BLACKMAIL IS NOT ENOUGH: This evening, the Boston chapter of the Nathan Hale Society had the privilege of dining with Prof. Sung-Yoon Lee of the Fletcher School of Diplomacy at Tufts. Prof. Lee is an expert on Korean politics and history. The subject of our discussion was the North Korean nuclear program.

The analytical linchpin of Prof. Lee's approach to North Korean behavior is his conclusion that the Pyongyang dictatorship considers the possession of nuclear weapons to be the only reliable guarantor of its existence. In the absence of a nuclear deterrent, it would only be a matter of time before the South Korean government destroyed its Northern counterpart by tempting its citizens with the prospect of prosperity and freedom Thus, there is no reason whatsoever to believe that Kim Jong Il will accept the verifiable dismantling of his nuclear program in exchange for economic aid, international legitimacy, a non-aggression pact with the United States or some combination of all three. Immoral or not, giving in to blackmail simply won't work.

In other words, Prof. Lee vehemently disagrees with all those who believe that the United States can resolve its ongoing confrontation with North Korea by means of either bilateral or multilateral negotiations. Yet given that war is simply not an acceptable option, Prof. Lee has nothing against negotiation, since it can't make matters worse and -- given some extraordinary luck -- may result in a lessening of tensions.
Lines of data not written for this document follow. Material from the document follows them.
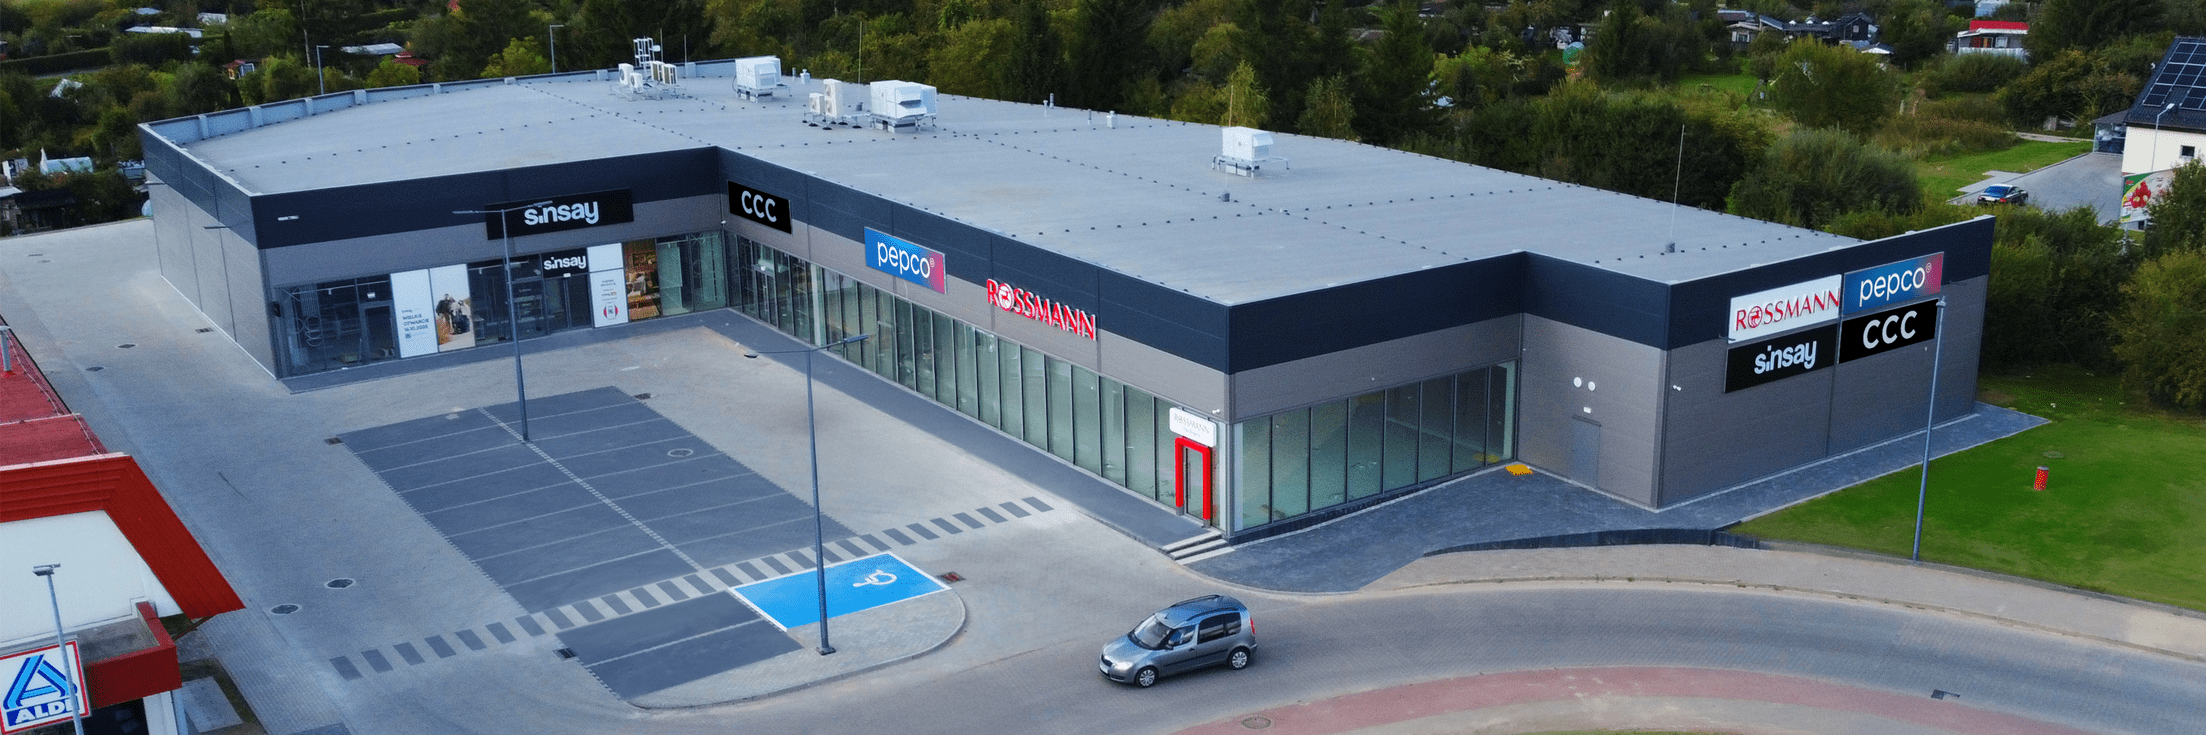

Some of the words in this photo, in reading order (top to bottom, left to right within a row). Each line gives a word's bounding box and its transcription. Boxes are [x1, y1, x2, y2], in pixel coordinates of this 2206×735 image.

[524, 201, 599, 226] sinsay
[741, 190, 777, 222] CCC
[543, 255, 587, 270] sinsay
[986, 278, 1096, 341] ROSSMANN
[1735, 286, 1841, 332] ROSSMANN
[1862, 310, 1918, 349] CCC
[1754, 340, 1817, 375] sinsay
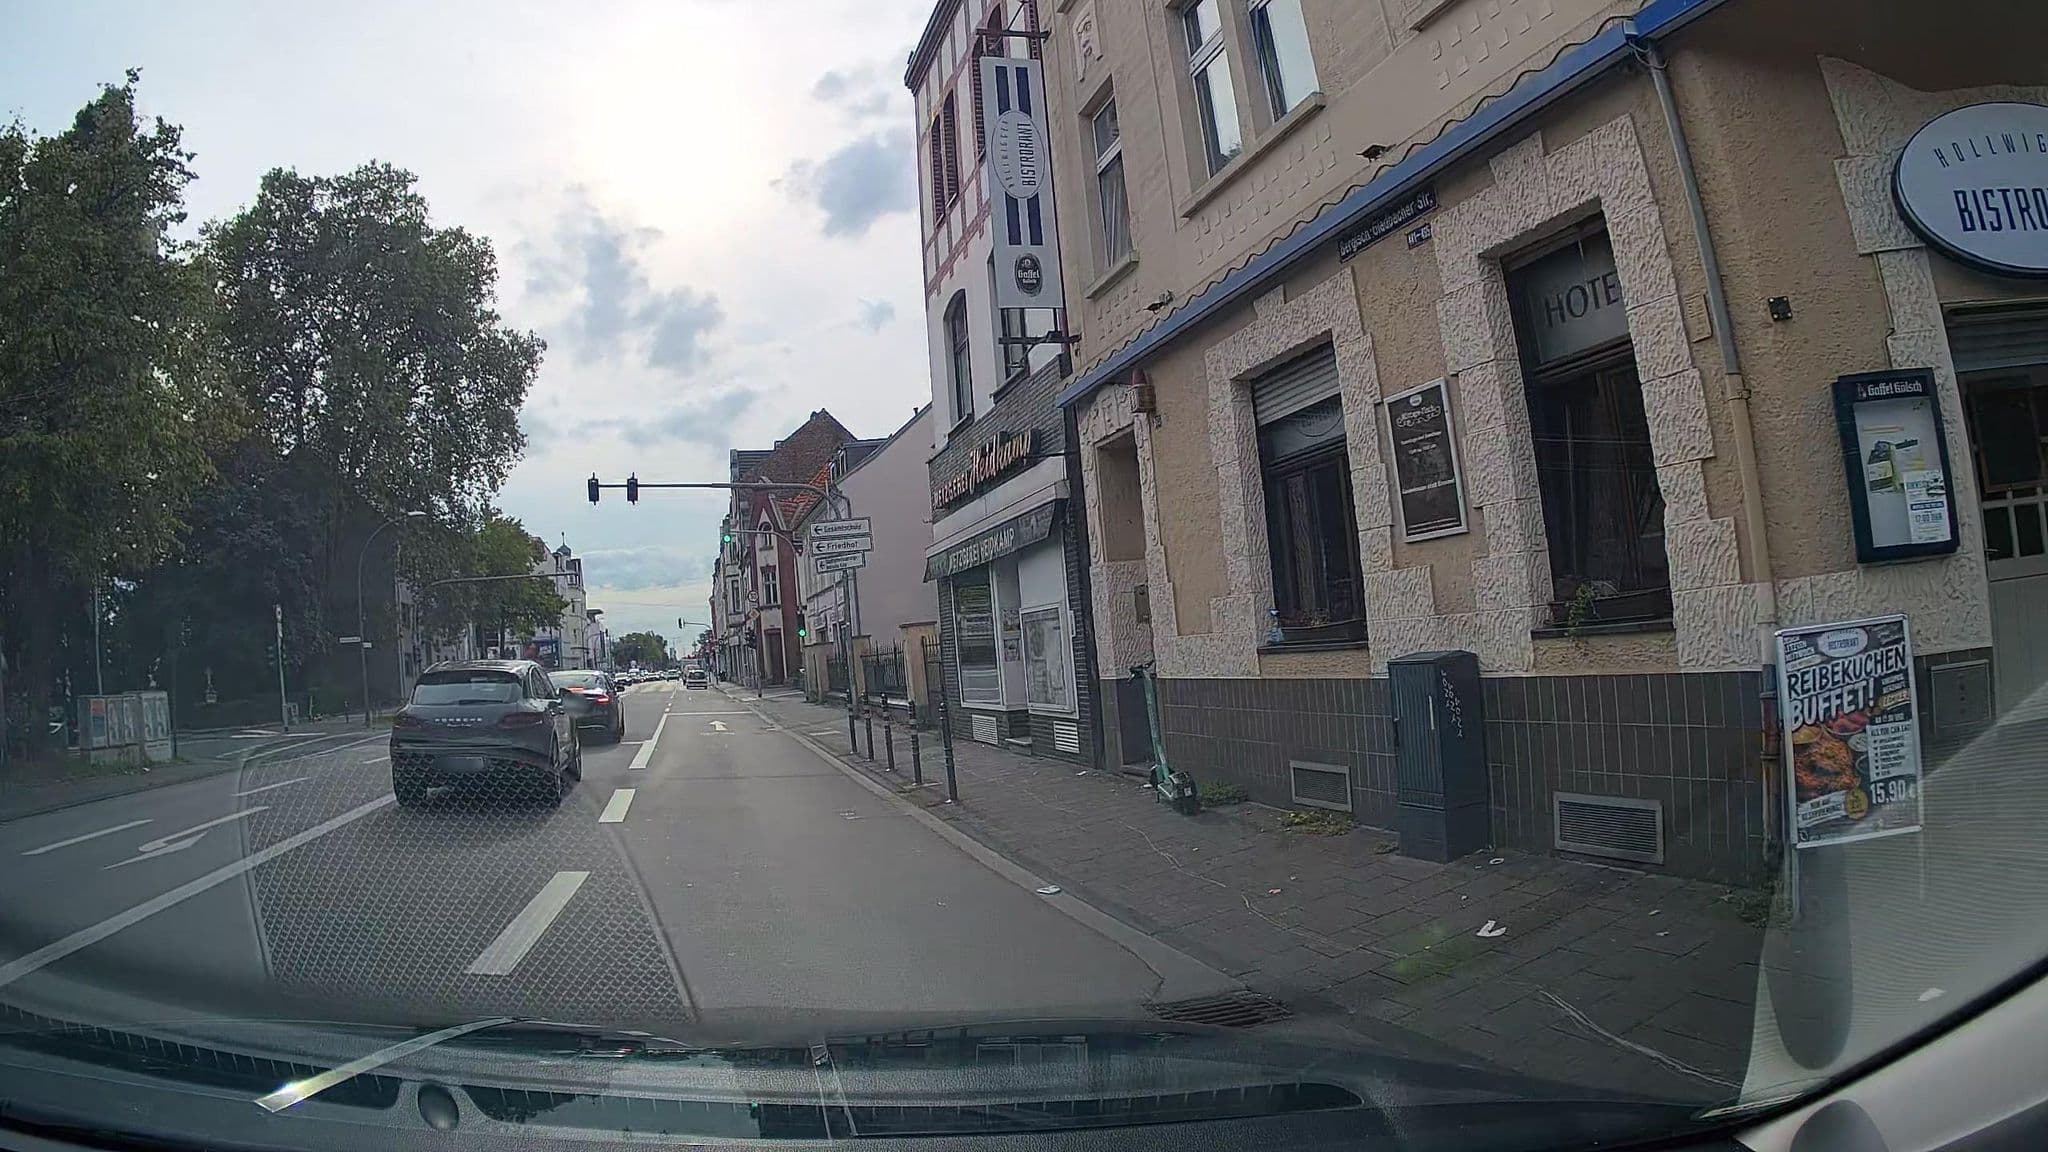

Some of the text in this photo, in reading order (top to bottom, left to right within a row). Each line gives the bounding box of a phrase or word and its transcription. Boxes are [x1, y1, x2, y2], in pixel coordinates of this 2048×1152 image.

[1017, 123, 1037, 186] BISTRORANT
[1954, 188, 2048, 232] BISTRO
[1868, 382, 1895, 396] Gaffel
[827, 541, 858, 550] Friedhof
[1787, 642, 1906, 699] REIBEKUCHEN
[1790, 677, 1875, 732] BUFFET!
[1870, 779, 1906, 804] 15,90
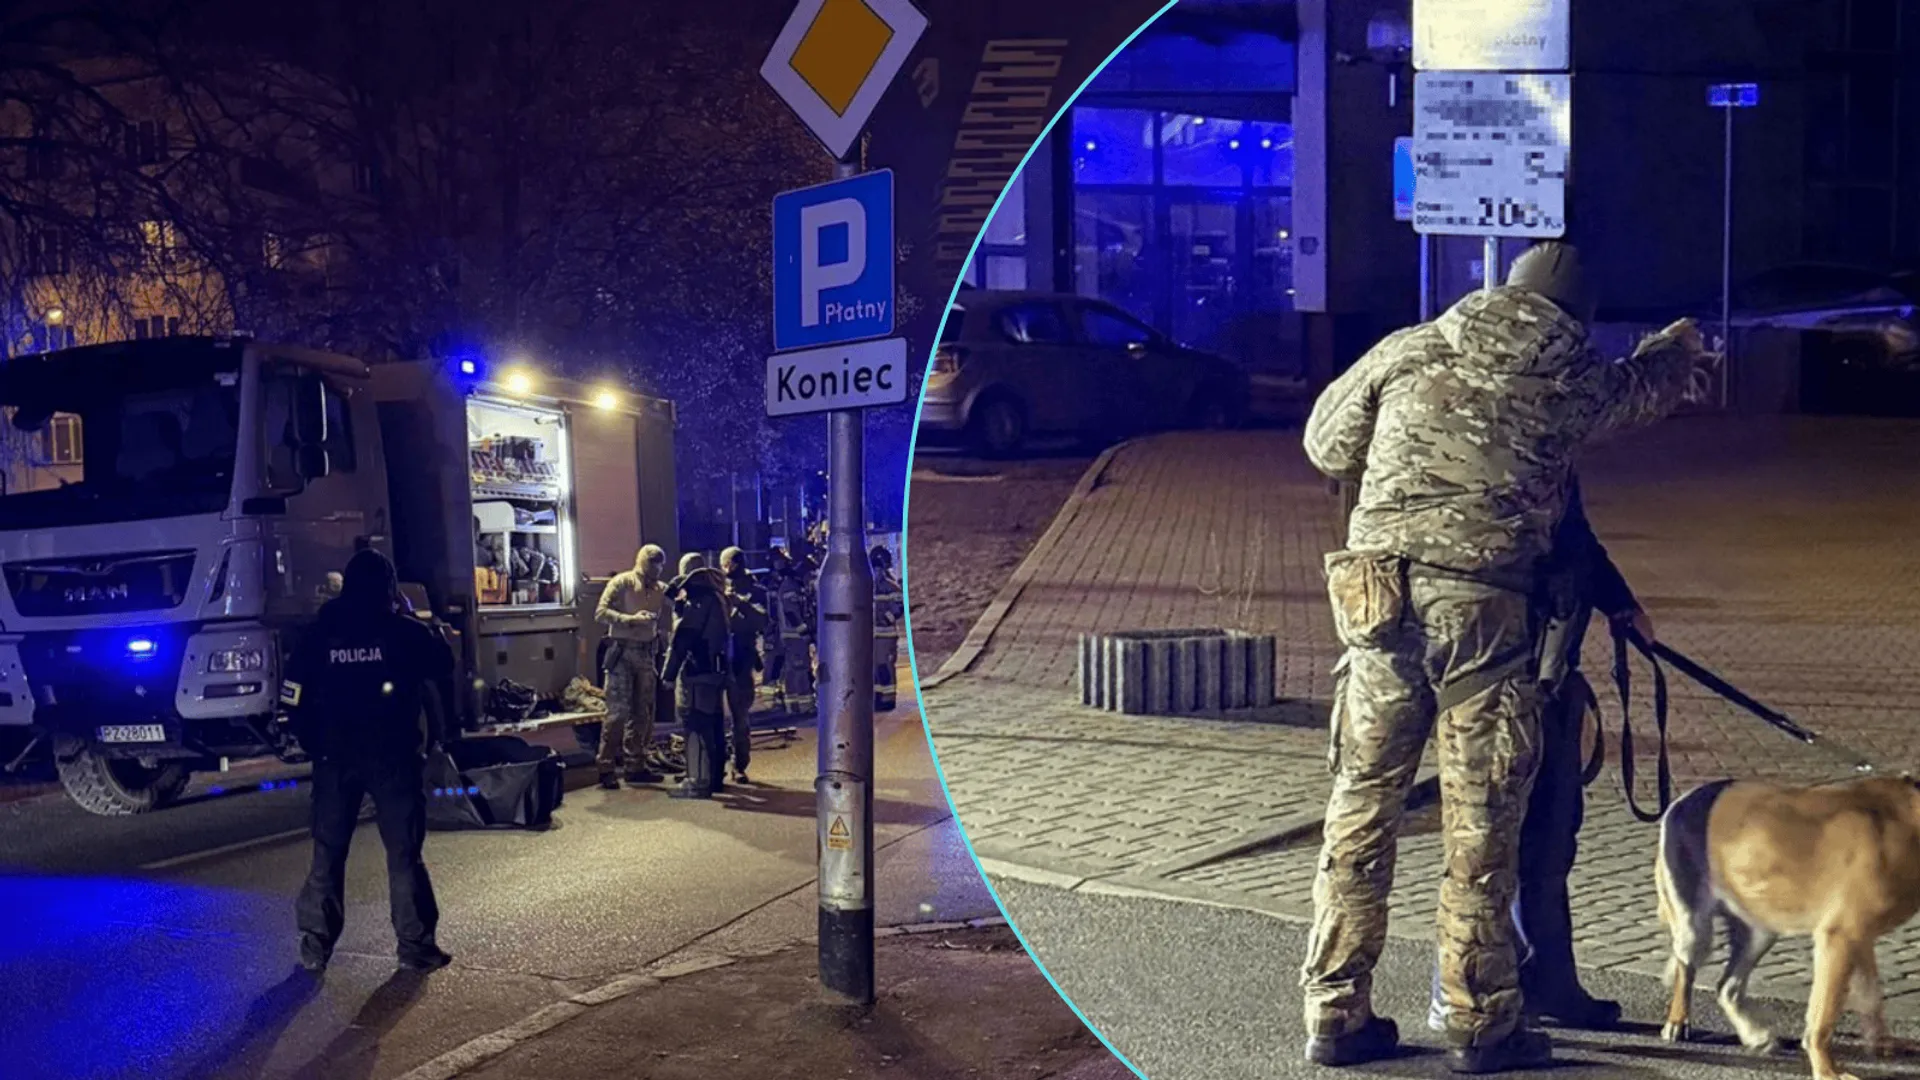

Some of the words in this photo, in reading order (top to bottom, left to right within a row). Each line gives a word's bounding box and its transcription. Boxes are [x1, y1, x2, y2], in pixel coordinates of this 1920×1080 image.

[801, 198, 867, 327] P
[825, 299, 887, 325] Płatny
[777, 357, 893, 402] Koniec
[328, 645, 384, 664] POLICJA
In assessing the state of US-North Korean relations, Prof. Lee believes that both the Bush administration and its critics make the categorical mistake of interpreting North Korean behavior as a response to American initiatives rather than the imperatives of North Korean domestic politics. Coming from this perspective, Prof. Lee tends to believe that the Bush administration has been beset by critics who offer unrealistic alternatives because of their naivete about North Korean politics. Thus, with regard to the Bush administration's decision to confront the North Koreans in October 2002 with evidence of their illegal uranium enrichemnt program, Prof. Lee suggested that the temporary escalation of tensions was essentially insignificant given that North Korea constantly creates crises as a result of its own provocative behavior.

Turning southward, Prof. Lee expressed grave concerns about rising anti-American sentiment in South Korea. While describing himself as an ardent South Korean nationalist who puts the interests of his homeland above all else, Prof. Lee nonetheless argued that absolutely nothing is more critical to South Korean security than an unflinching American commitment to protect it from Northern aggression. Speaking historically, Prof. Lee observed that whereas Harry Truman went to war in 1950 in order to contain Communism and protect American interests, his decision had the unmistakable effect of liberating South Korea from Northern occupation and laying the foundations of the moderan South Korean state.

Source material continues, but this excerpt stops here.